**Dataset records:**
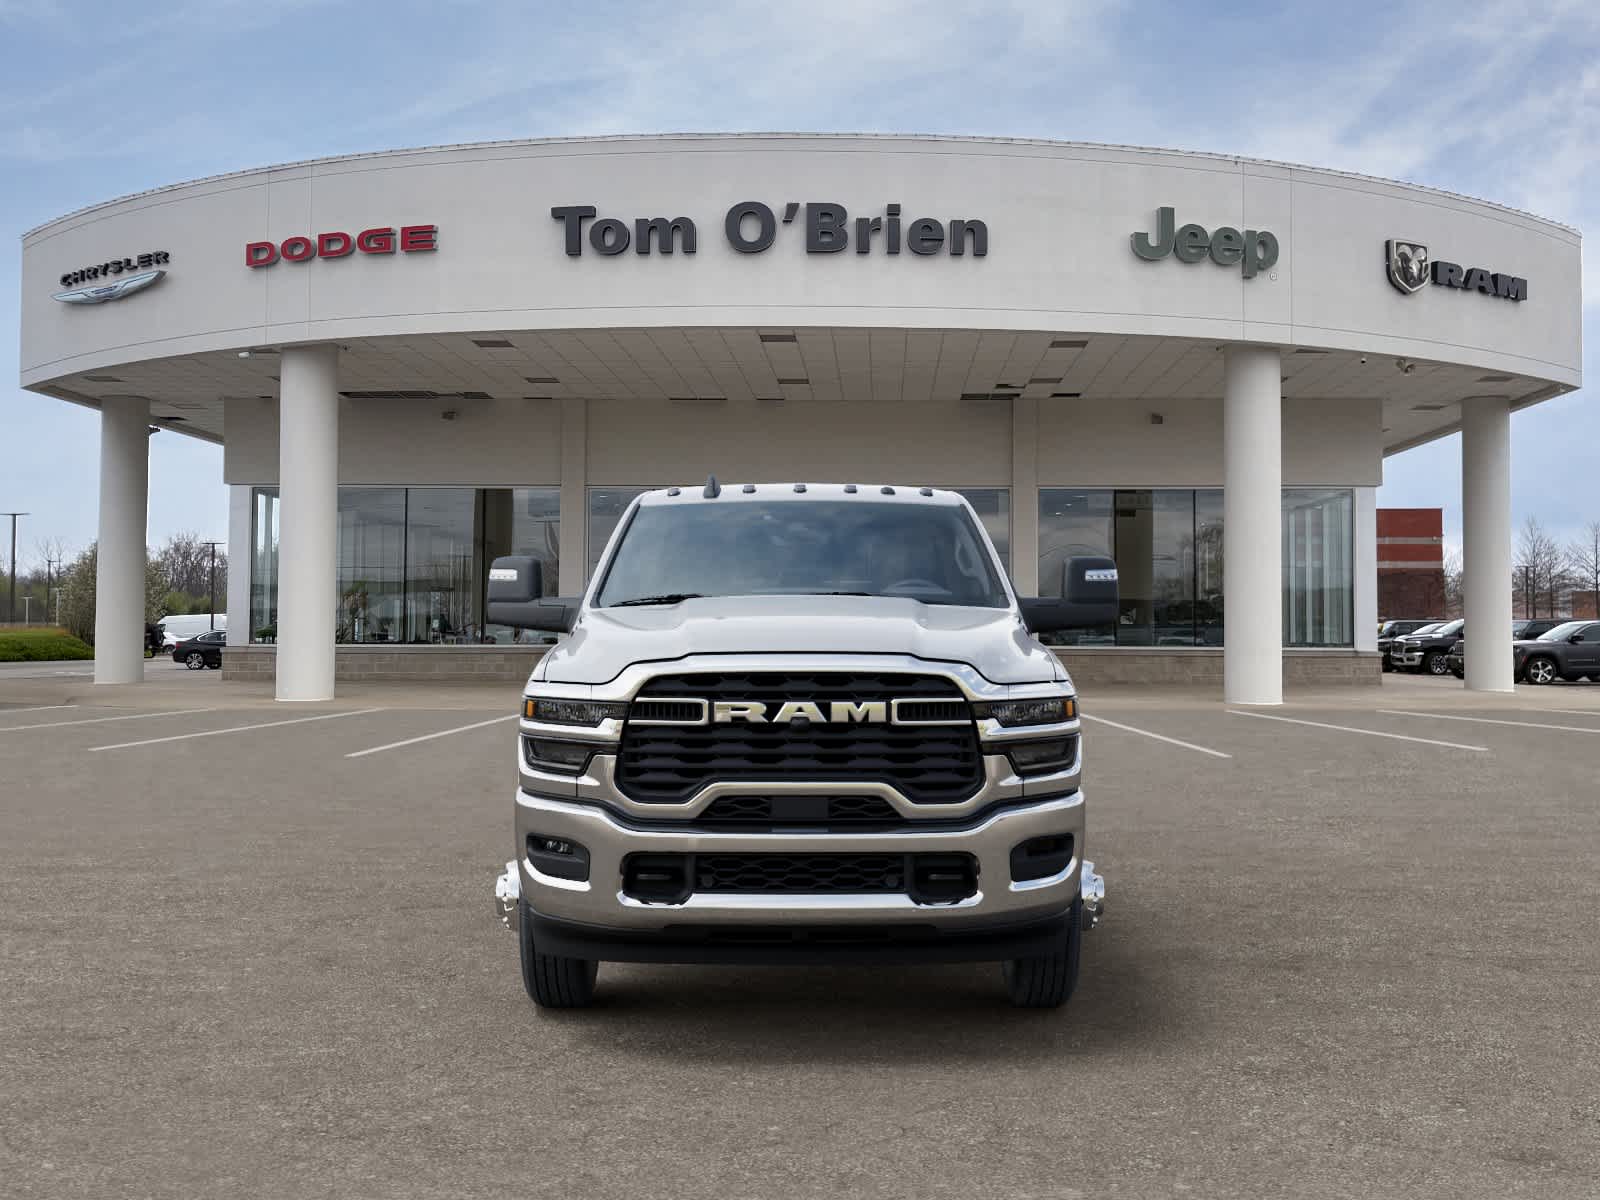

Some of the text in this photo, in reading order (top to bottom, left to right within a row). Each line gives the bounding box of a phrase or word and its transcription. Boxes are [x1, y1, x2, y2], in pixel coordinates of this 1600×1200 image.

[246, 225, 438, 268] DODGE
[551, 201, 988, 256] Tom O'Brien
[1130, 206, 1279, 279] Jeep
[60, 250, 170, 286] CHRYSLER
[1430, 260, 1528, 301] RAM
[713, 701, 887, 723] RAM
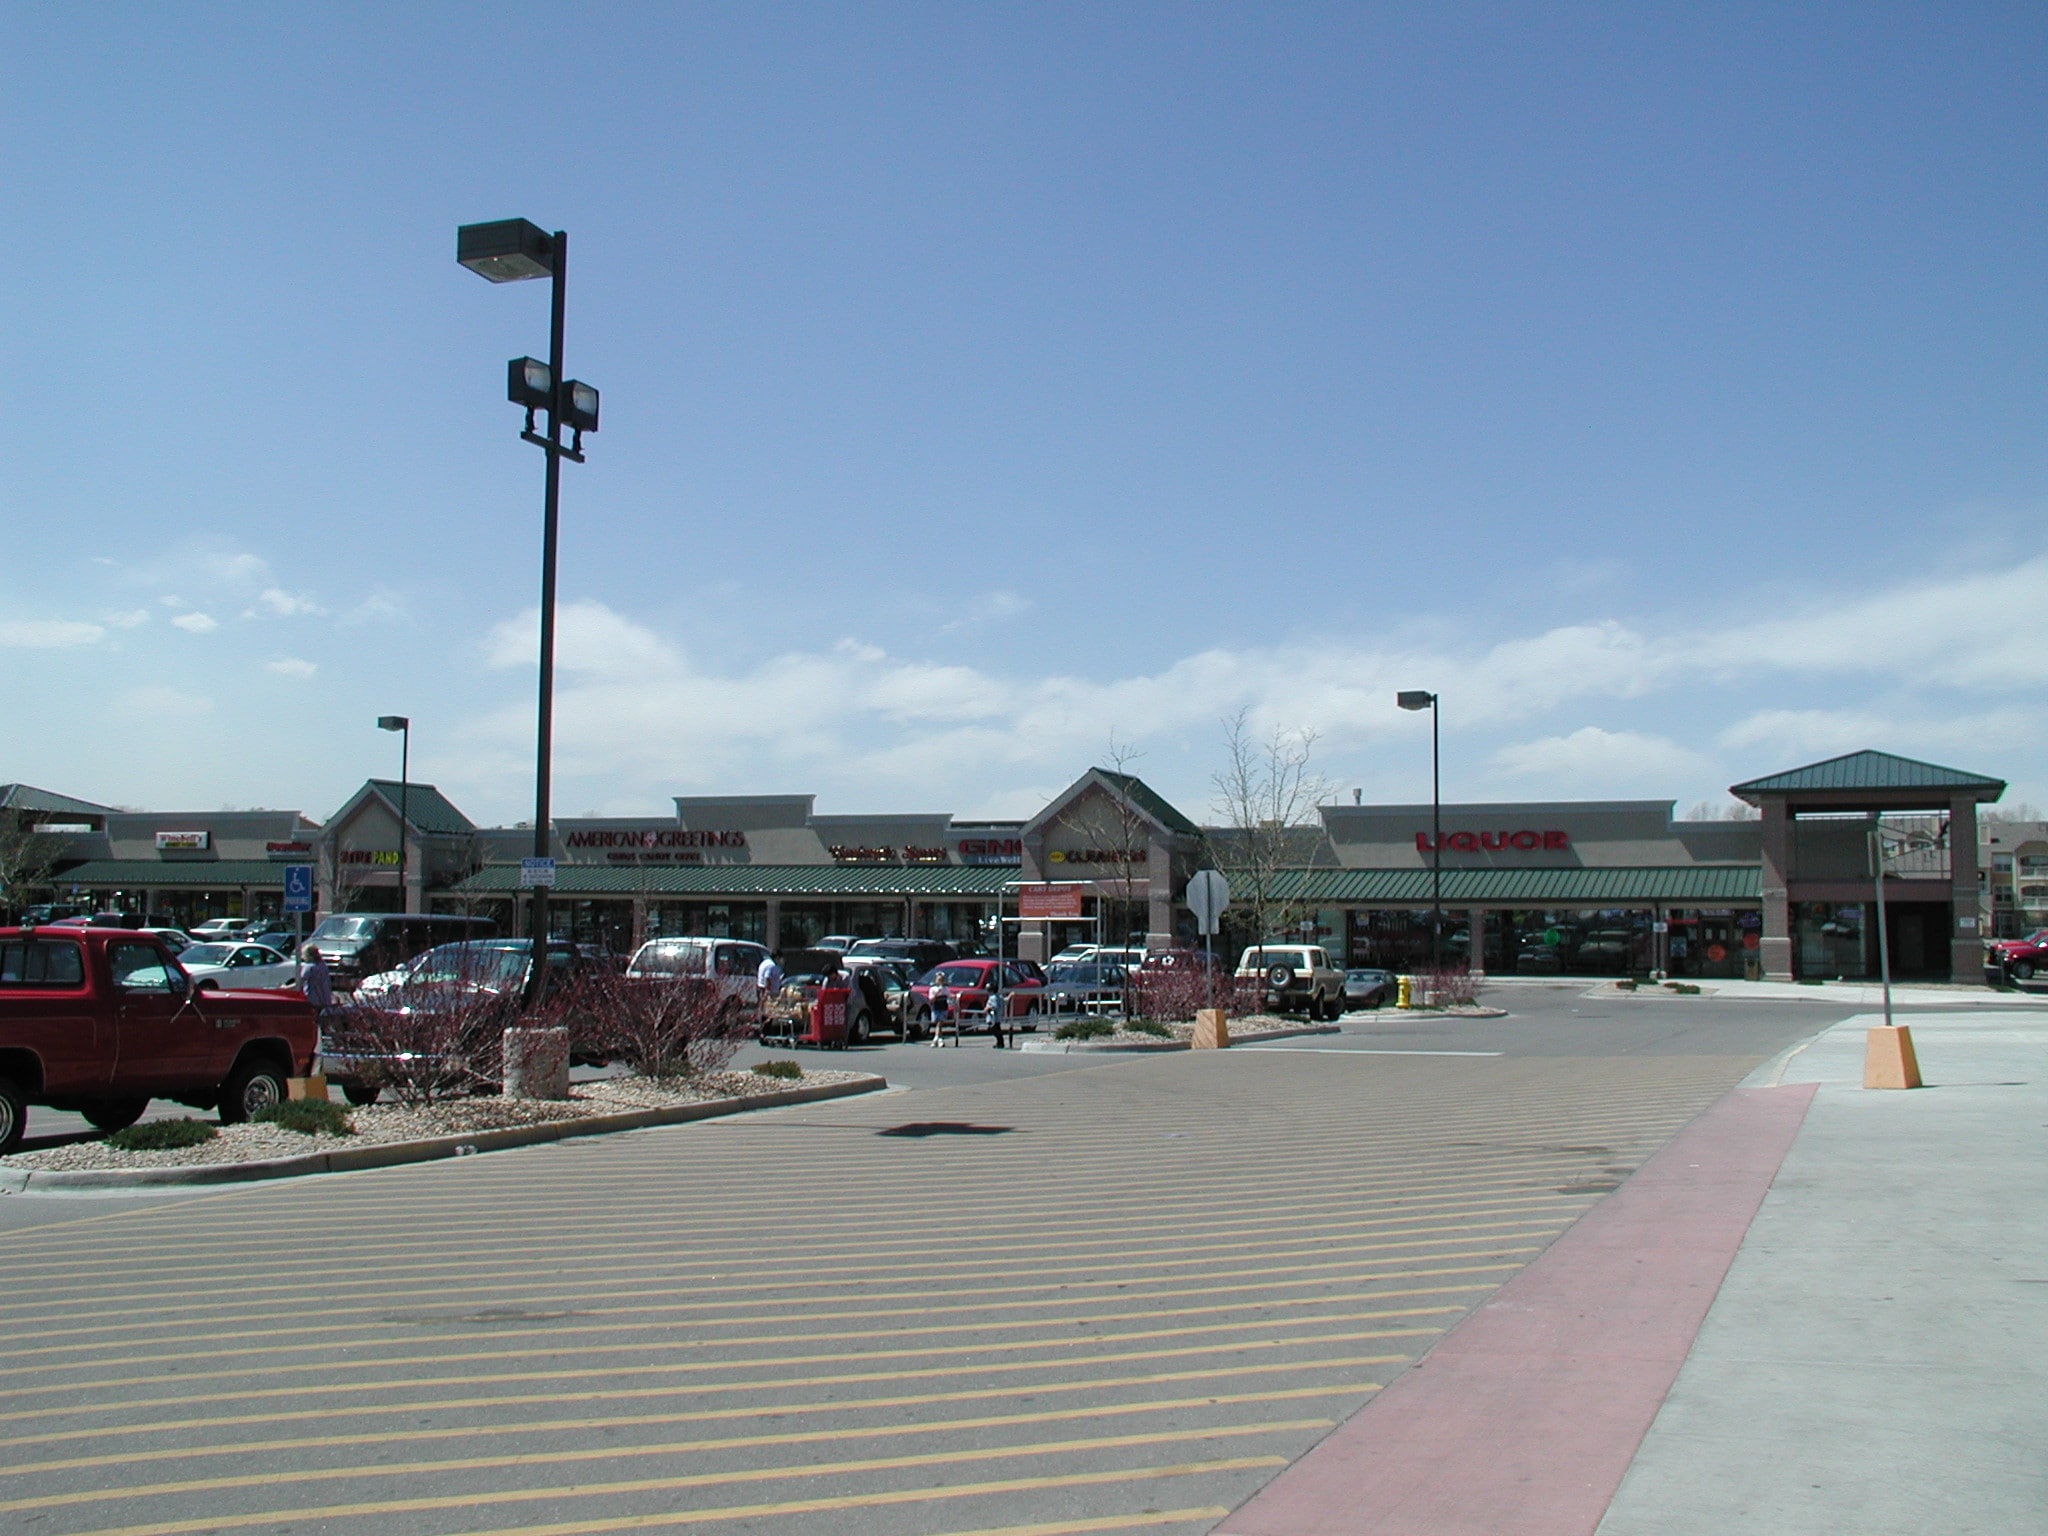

**Task instructions:** Omit the pictures; set down each record exactly.

**Response for this exercise:**
Some of the text in this photo, in reading order (top to bottom, left to right within a row). Each line gives the bounding box of a phrase or word and its transcription. Boxes are [x1, y1, x2, y2], in pixel coordinates of this 1600×1200 image.

[246, 225, 438, 268] DODGE
[551, 201, 988, 256] Tom O'Brien
[1130, 206, 1279, 279] Jeep
[60, 250, 170, 286] CHRYSLER
[1430, 260, 1528, 301] RAM
[713, 701, 887, 723] RAM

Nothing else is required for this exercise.